Three mechanism-level feedback loops

Each describes a process by which successful action strengthens neural conditions for future successful action:

(a) Controllability circuit proactive resilience

Prior experience with controllable stressors activates vmPFC patterns that provide lasting protection against later uncontrollable stress (Amat et al. 2006, cited in Maier & Seligman 2016). Successful agency builds a neural substrate that enables future agency. ESTABLISHED in animal models.

(b) DA gain amplification

The MODAL model (Inglis et al. 2022) shows that high state-feedback contingency (action reliably produces outcomes) increases the active DA population, which amplifies phasic learning signals from subsequent actions. Effective action in controllable environments produces stronger DA signals that improve subsequent learning. SUPPORTED (computational model validated against neural data).

(c) LC-NE exploitation stabilization

Aston-Jones & Cohen (2005) describe an explicit self-reinforcing loop: as reward sources are discovered, DA-dependent reinforcement learning strengthens reward-producing behaviors, which increases current utility assessment, which drives LC into phasic mode, which further stabilizes exploitation of those behaviors. This is the source authors' own description, not this notebook's interpretation. ESTABLISHED as proposed mechanism.

The integration claim

Each loop independently describes how successful action strengthens conditions for future successful action. The claim that these loops constitute a unified upward dynamic -- the coherence-agency bootstrap -- is this work's integration. The bootstrap is not the same claim as "coherence is good" or "agency is good." It is a specific mechanistic prediction: that coherence and agency participate in a self-reinforcing cycle with identifiable neural substrates, and that the architecture's role is to maintain the biological preconditions under which that cycle operates.

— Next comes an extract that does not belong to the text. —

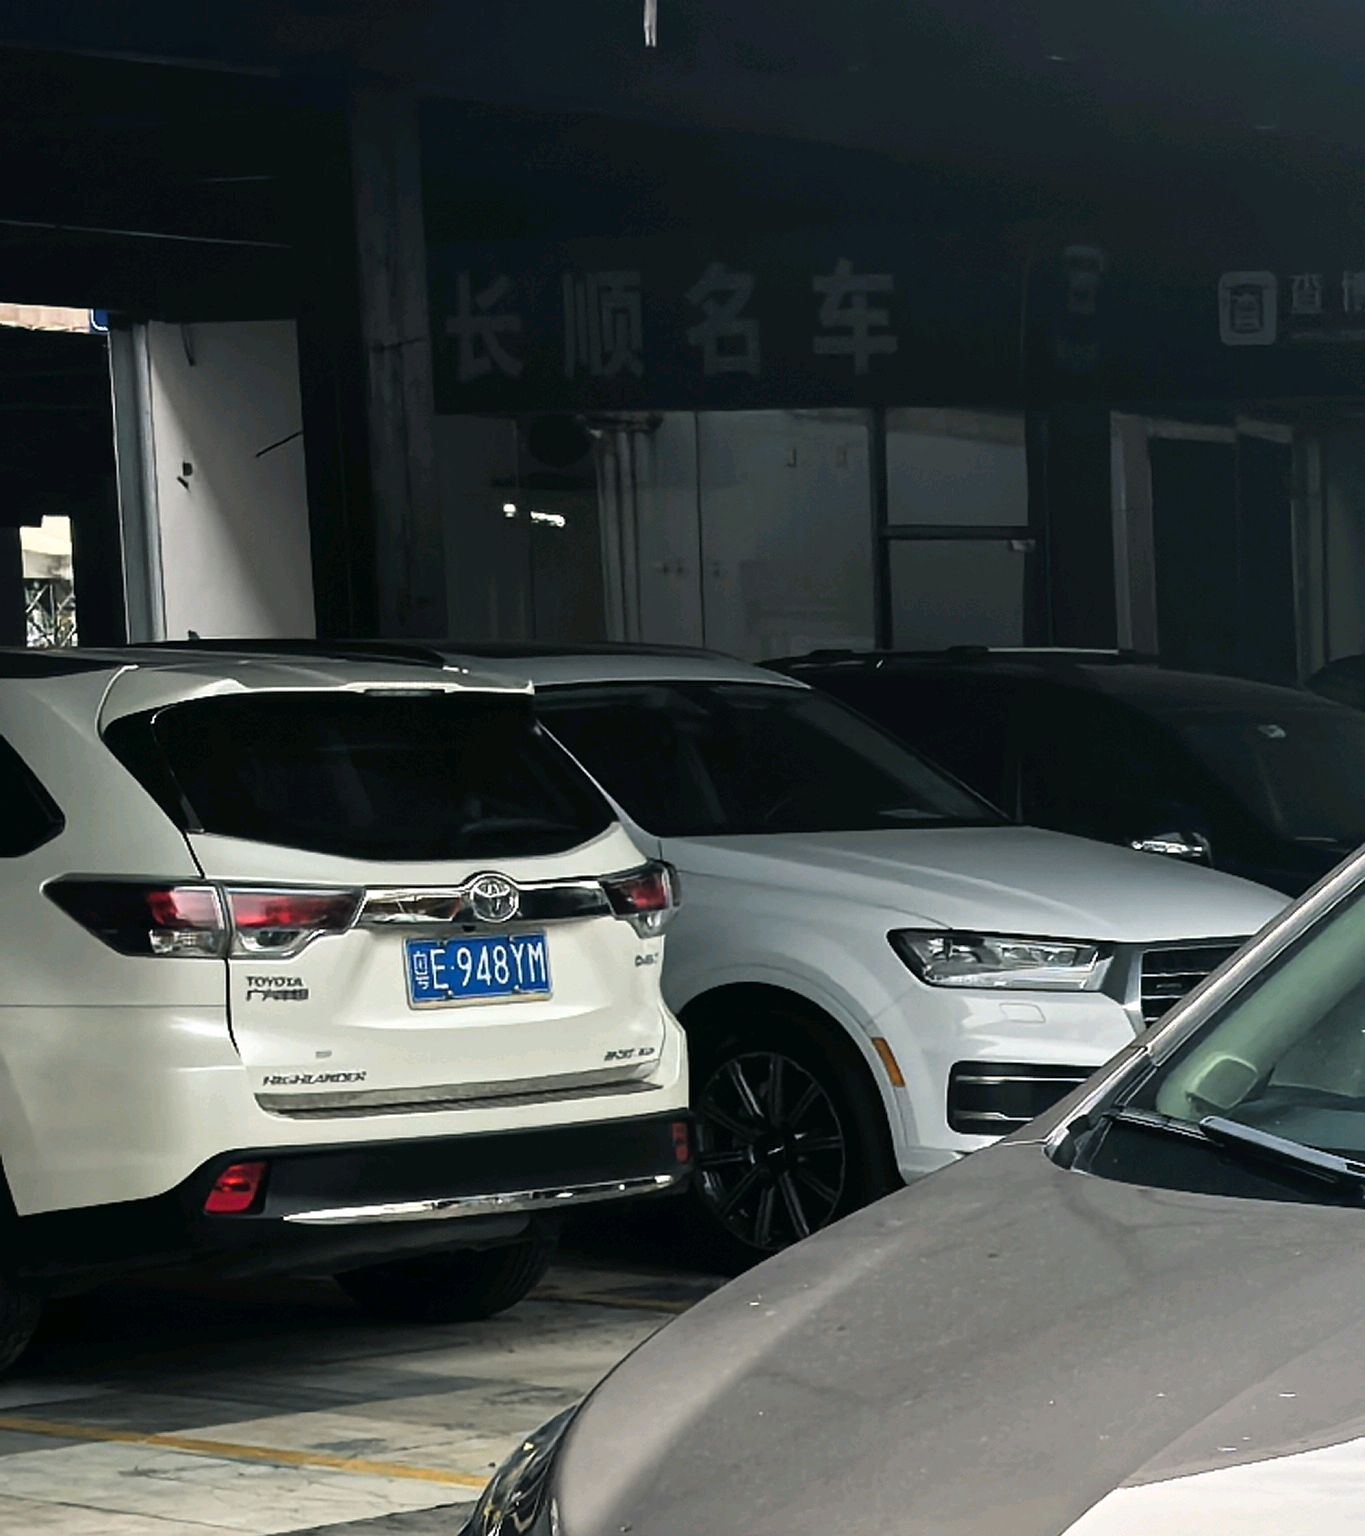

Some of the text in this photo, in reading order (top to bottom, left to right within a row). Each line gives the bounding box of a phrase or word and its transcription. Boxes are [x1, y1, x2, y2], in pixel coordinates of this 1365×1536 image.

Connection to the objective function

The three-target optimization equation penalizes degraded states but has no explicit term for growth enablement. If the bootstrap operates as hypothesized, these objectives converge: maintaining biological preconditions for coherence IS maintaining conditions for the generative cycle, because the bootstrap requires the same PFC-online, controllability-circuit-functional state that L_state targets.

Evidence status

HYPOTHESIS / INTEGRATED. Individual loops graded ESTABLISHED or SUPPORTED. The unified dynamic is the integration. Observation period required to test is an experimental design parameter, not a theoretical claim.